The challenge here is not read in terms of the DNR's action denying economically viable use of the property, although B LS argues that the DNR's change in interpretation of I-SMCRA and the regulations promulgated under it "retroactively abolished the investment-backed expectations of the property owners, elicited by the DNR's prior position." In discussing the state's legitimate interest test, this Court has said:
The essence of the first prong of the test is whether government had the right to exercise its police power in the manner it did, regardless of the burden to the property. . . . If the regulation does not bear a substantial relation to the legitimate ends sought to be achieved, either through a failure of the statute as a whole to serve those ends or as applied to a particular piece of property, then the exercise of the police power is deemed to be unreasonable.
Indiana Coal Council, 542 N.E.2d at 1003 (citation omitted).
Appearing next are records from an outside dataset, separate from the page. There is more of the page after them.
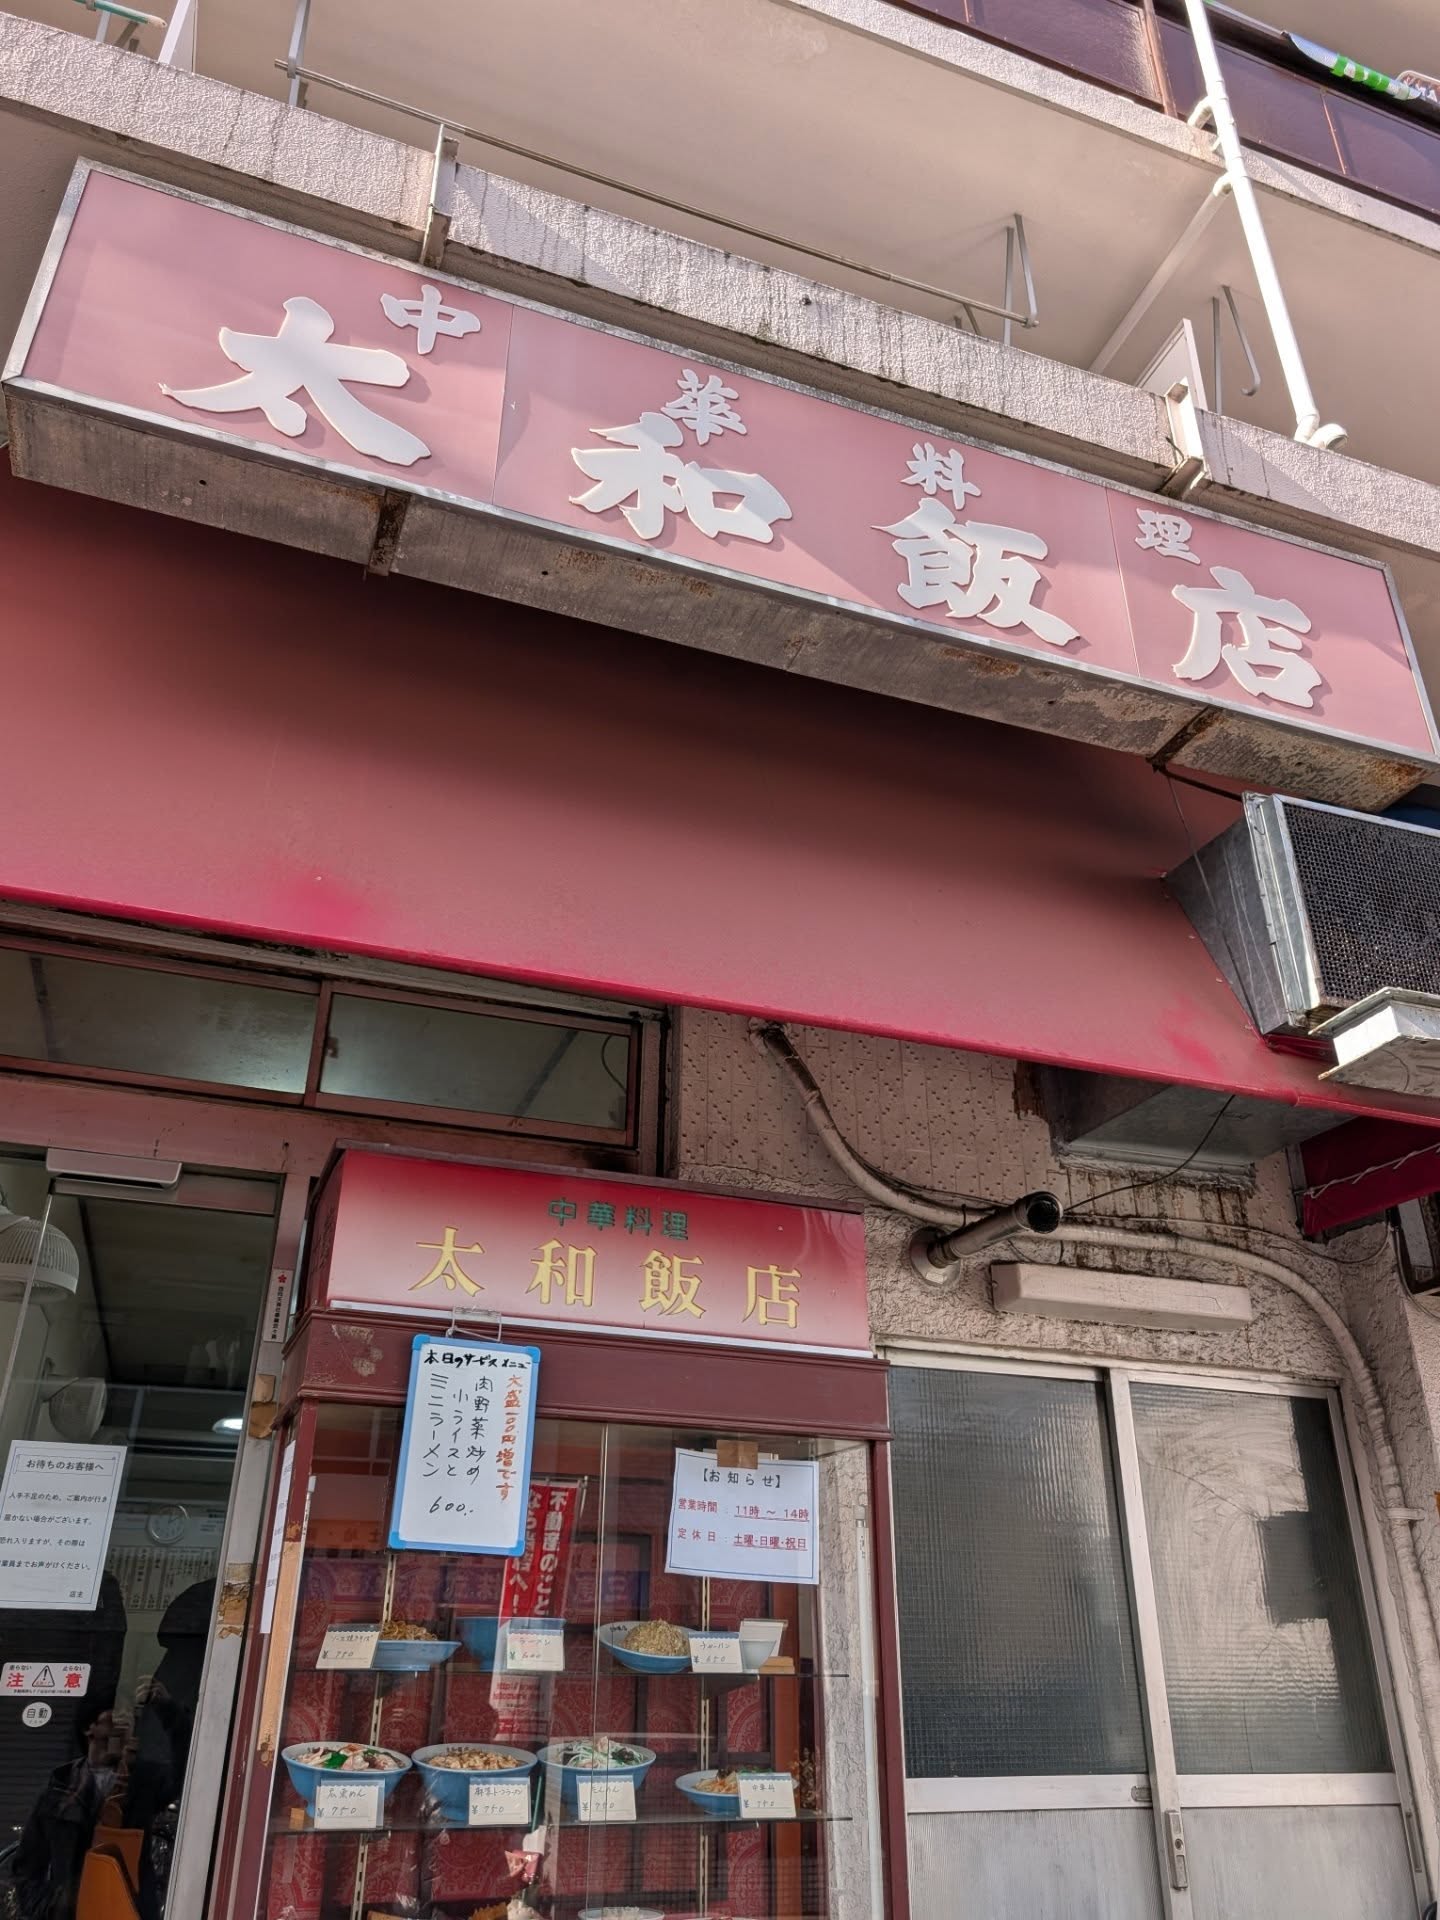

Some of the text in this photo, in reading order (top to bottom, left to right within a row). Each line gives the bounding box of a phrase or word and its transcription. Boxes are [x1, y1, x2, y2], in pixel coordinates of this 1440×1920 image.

[381, 284, 1200, 564] 中華料理
[158, 296, 1322, 708] 太和飯店
[548, 1197, 688, 1241] 中華料理
[408, 1226, 802, 1329] 太和飯店
[423, 1373, 449, 1477] ミニラーメン
[448, 1389, 468, 1477] 小ライスと
[466, 1376, 493, 1485] 肉野菜炒め
[26, 1459, 104, 1471] お待ちのお客様へ
[703, 1468, 781, 1488] 【お知らせ】
[678, 1498, 718, 1513] 営業時間
[0, 1560, 91, 1571] 業員までお声がけください。
[26, 1707, 49, 1719] 自動
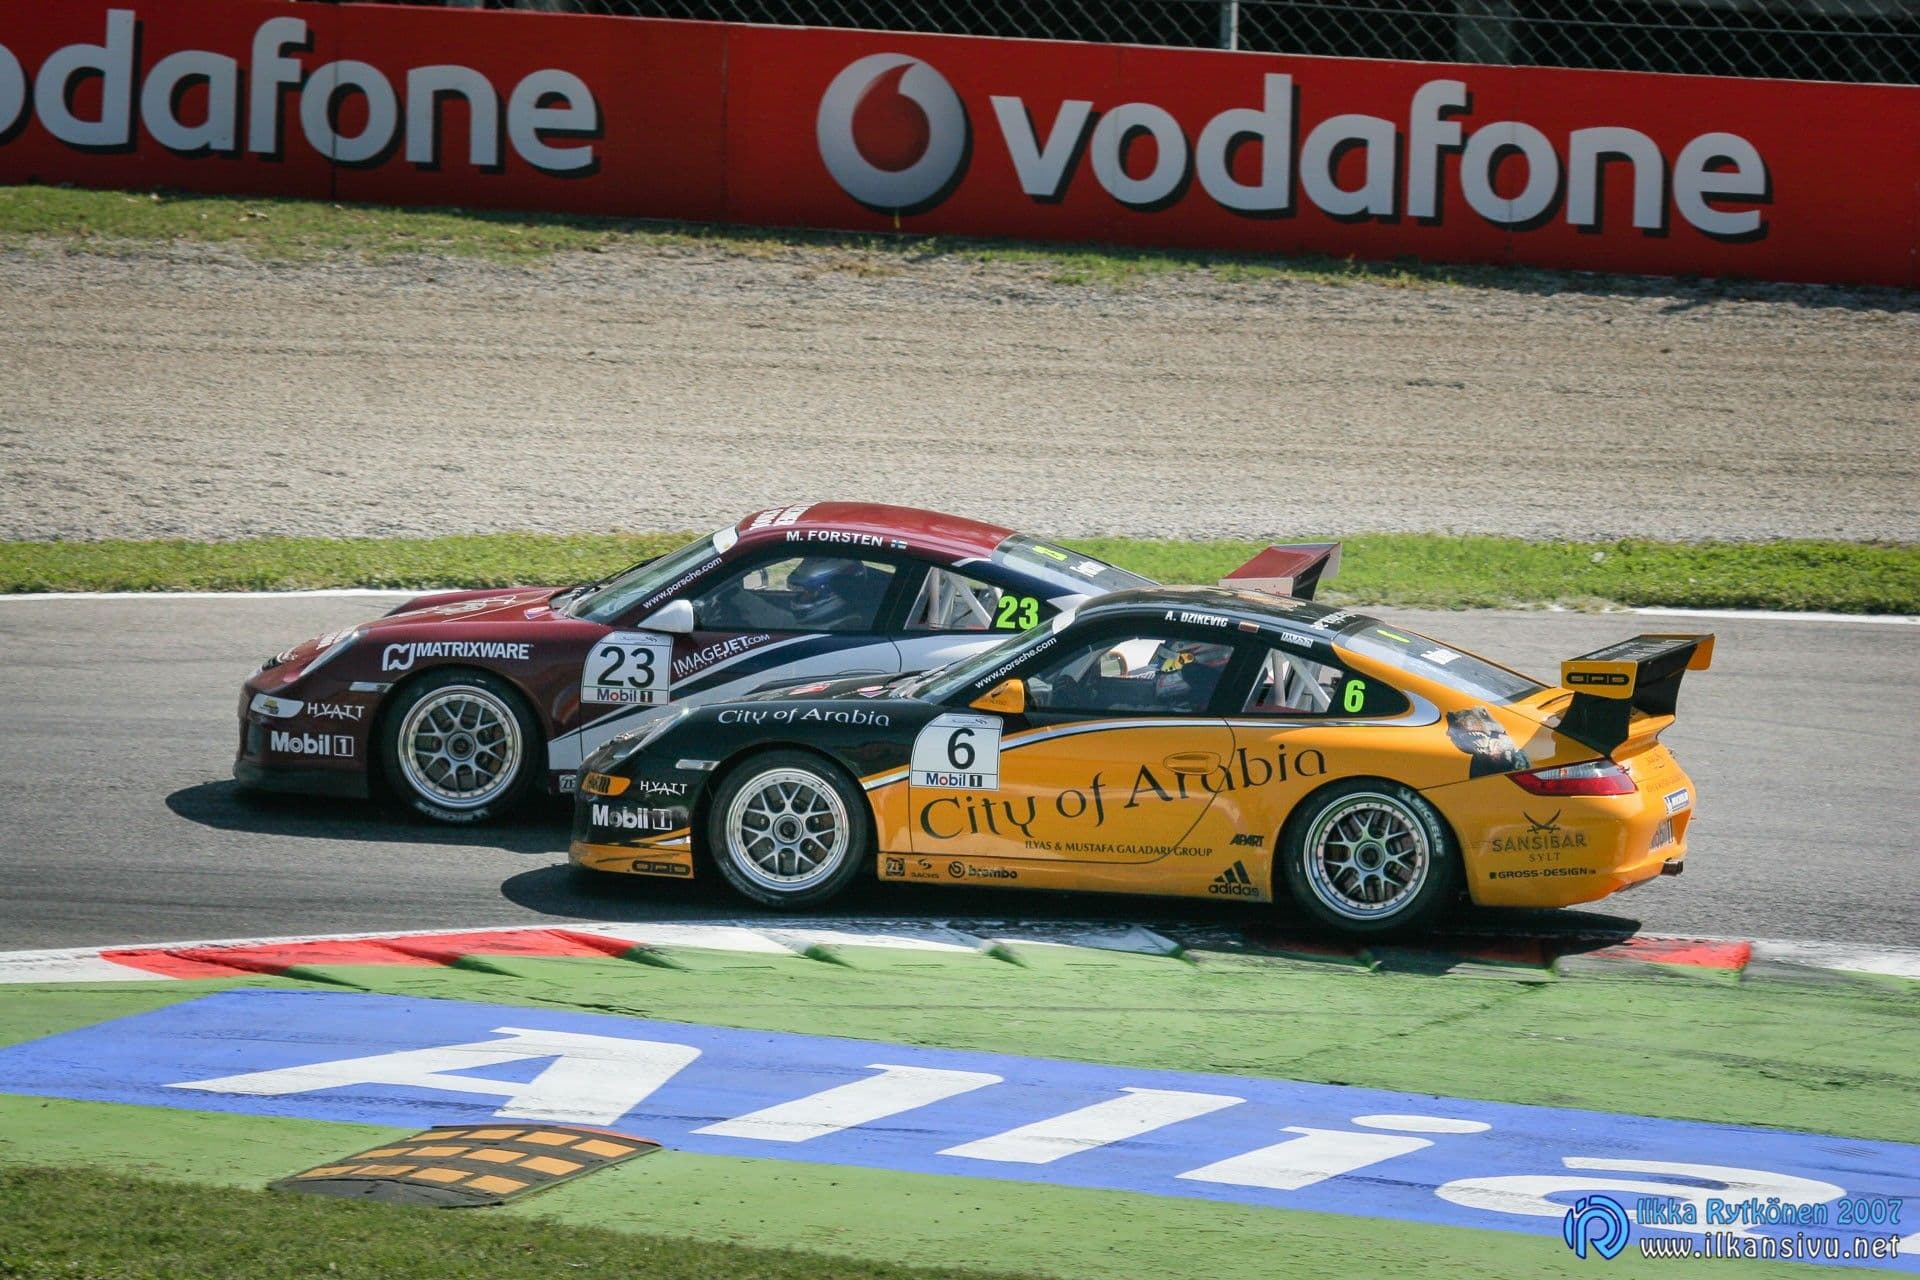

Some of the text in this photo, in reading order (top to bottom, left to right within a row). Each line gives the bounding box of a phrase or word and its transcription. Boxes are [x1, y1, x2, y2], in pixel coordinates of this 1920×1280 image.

[0, 9, 597, 171] dafone
[990, 74, 1765, 235] vodafone
[786, 530, 882, 547] M. FORSTEN
[643, 556, 722, 609] www.porsche.com
[996, 596, 1039, 630] 23
[416, 641, 530, 660] MATRIXWARE
[597, 646, 655, 688] 23
[975, 637, 1057, 689] www.porsche.com
[597, 688, 637, 703] Mobil
[1343, 680, 1365, 713] 6
[307, 702, 365, 719] HYATT
[718, 704, 890, 726] City of Arabia
[270, 730, 331, 756] Mobil
[947, 728, 976, 769] 6
[640, 780, 688, 796] HYATT
[926, 773, 966, 786] Mobil
[920, 743, 1327, 840] City of Arabia
[592, 804, 649, 829] Mobil
[1025, 840, 1213, 857] ILYAS & MUSTAFA GALADARI GROUP
[1492, 833, 1588, 852] SANSIBAR
[968, 865, 1018, 879] brembo
[1498, 867, 1588, 879] GROSS-DESIGN
[1208, 883, 1259, 896] adidas
[163, 1026, 1920, 1256] Allia
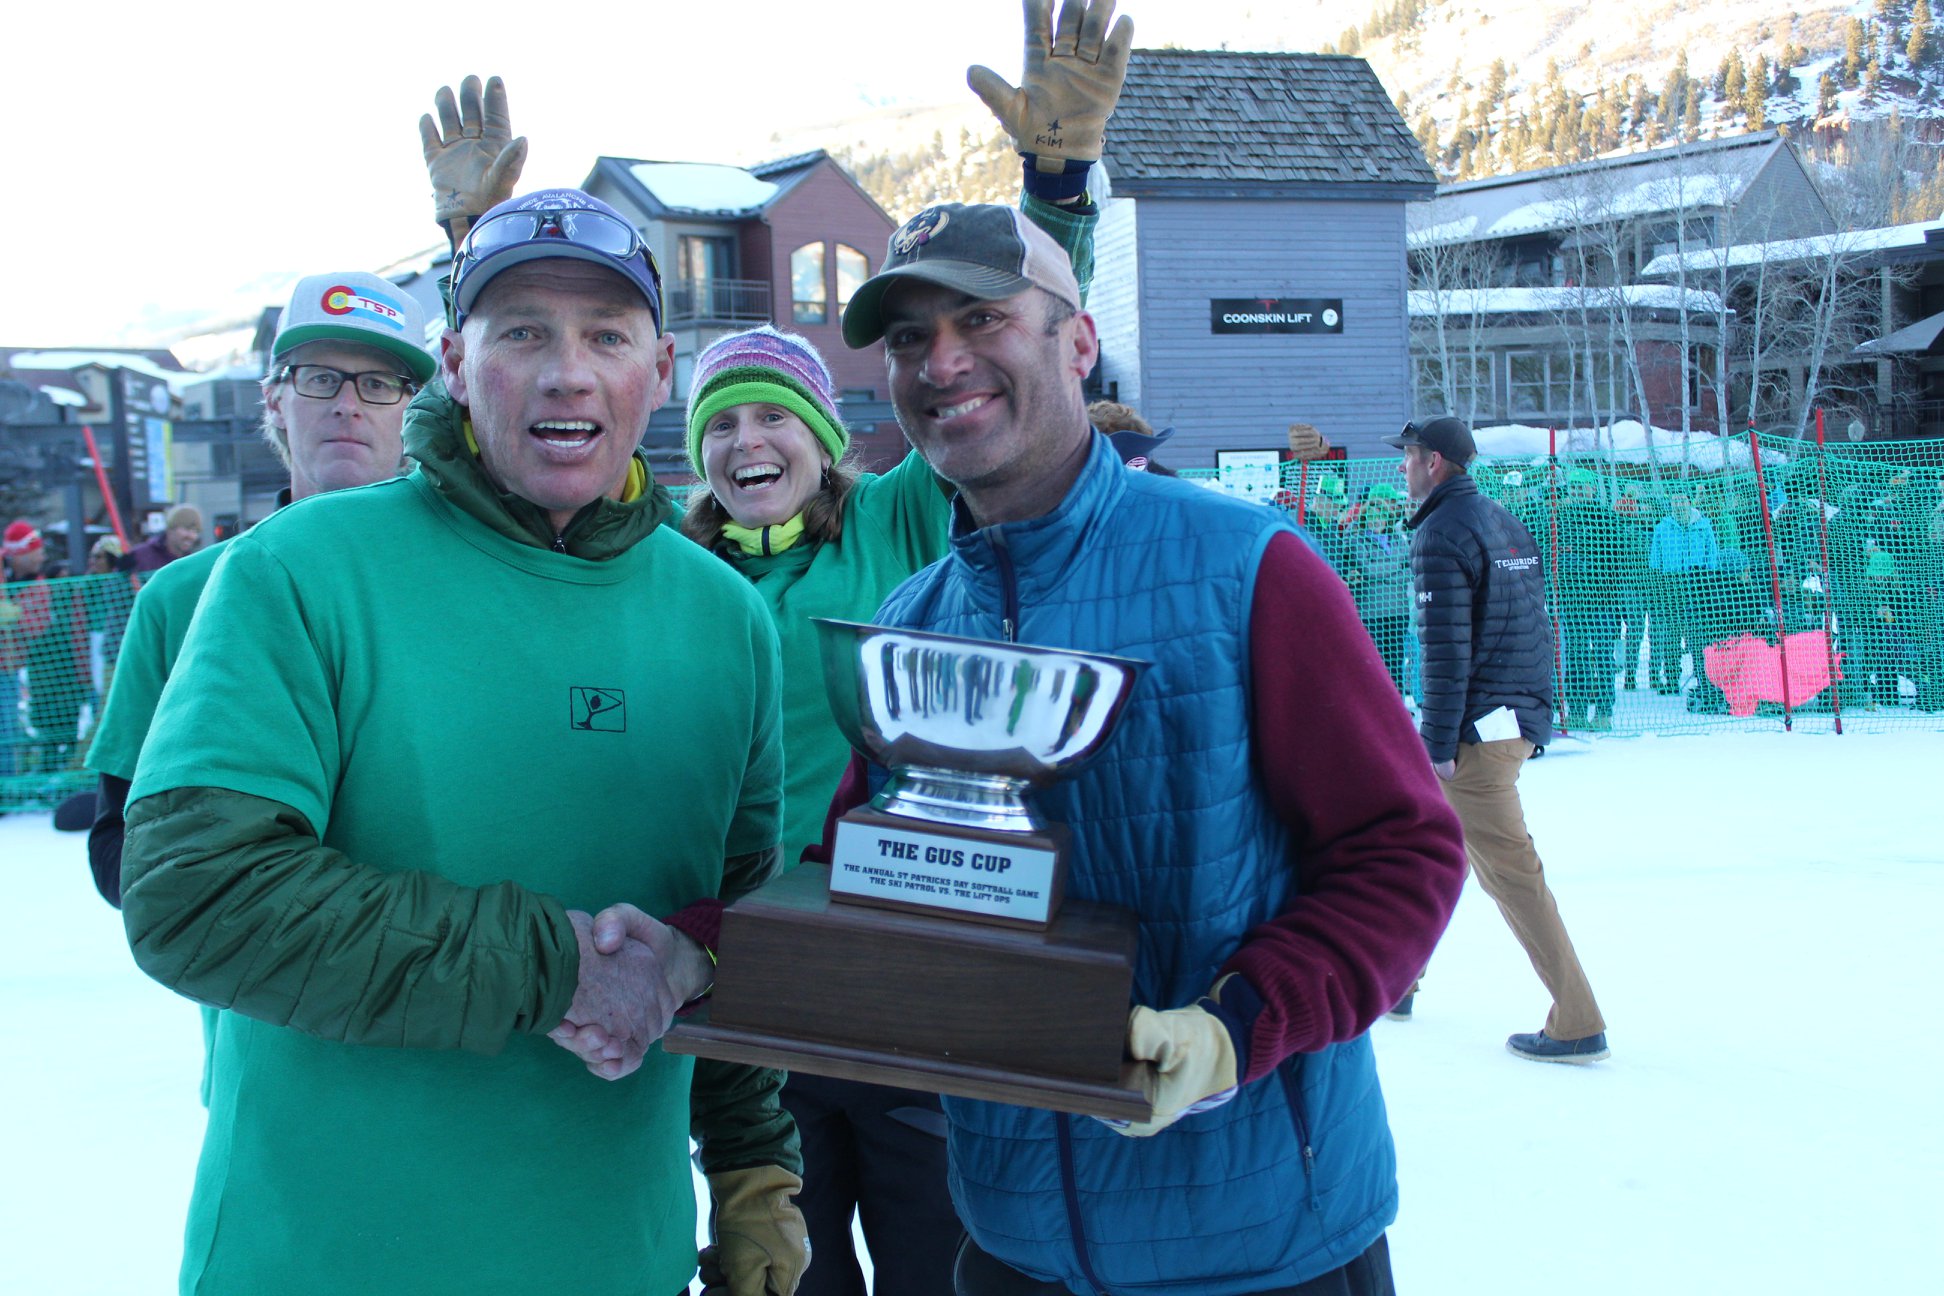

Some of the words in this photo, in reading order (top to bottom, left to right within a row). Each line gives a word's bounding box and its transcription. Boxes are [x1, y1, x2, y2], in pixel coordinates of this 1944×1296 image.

In the AMAX case, the DNR's action expressly tracks the purpose of I-SMCRA. We have already discussed the legitimacy of the purposes of the statute: the state is applying the police power to protect from harm. The action the DNR took, adding a condition to the permit, was intended to prevent offsite damage via the dewatering process. The DNR action in this case looked to further the ends of I-SMCRA. This was a legitimate exercise of the statutory authority, authorized in I-SMCRA, to bring about actions that would protect nearby landowners from the harmful effects of surface coal mining, specifically the change in the hydrologic balance.
In the B LS case, the DNR offered B LS two separate alternatives: 1) show no damages would result from the dewatering activities; or 2) pay for a right of entry. The first alternative is similar to the condition imposed in the AMAX case, and is therefore a legitimate action that advances the state interest. Appellee argues that the second option the DNR offered is problematic, because it does not advance the state's interest in preventing environmental damage. Appellee argues that in effect, the option allows the coal companies to purchase the right of entry and do whatever damage they see fit. Voluntary compliance with the second option would advance a legitimate state interest by protecting the adjacent landowners' competing rights to the water. Therefore, we hold that there was no impermissible regulatory taking. The DNR's actions substantially advanced legitimate state interests.
The agency action in both of these cases was valid and in accordance with law and should not have been disturbed by the trial court. The judgment in the AMAX case is reversed with instructions to grant judgment for Jarrett and the NRC/DNR, upholding agency authority to regulate withdrawal of ground water to include the protection of adjacent areas. The judgment in the B LS case is reversed with instructions to grant judgment for the NRC/DNR and other defendants.
SHEPARD, C.J., and SULLIVAN, J., concur.
GIVAN, J., dissents. The trial court and the Court of Appeals were correct.
DICKSON, J., dissents without opinion.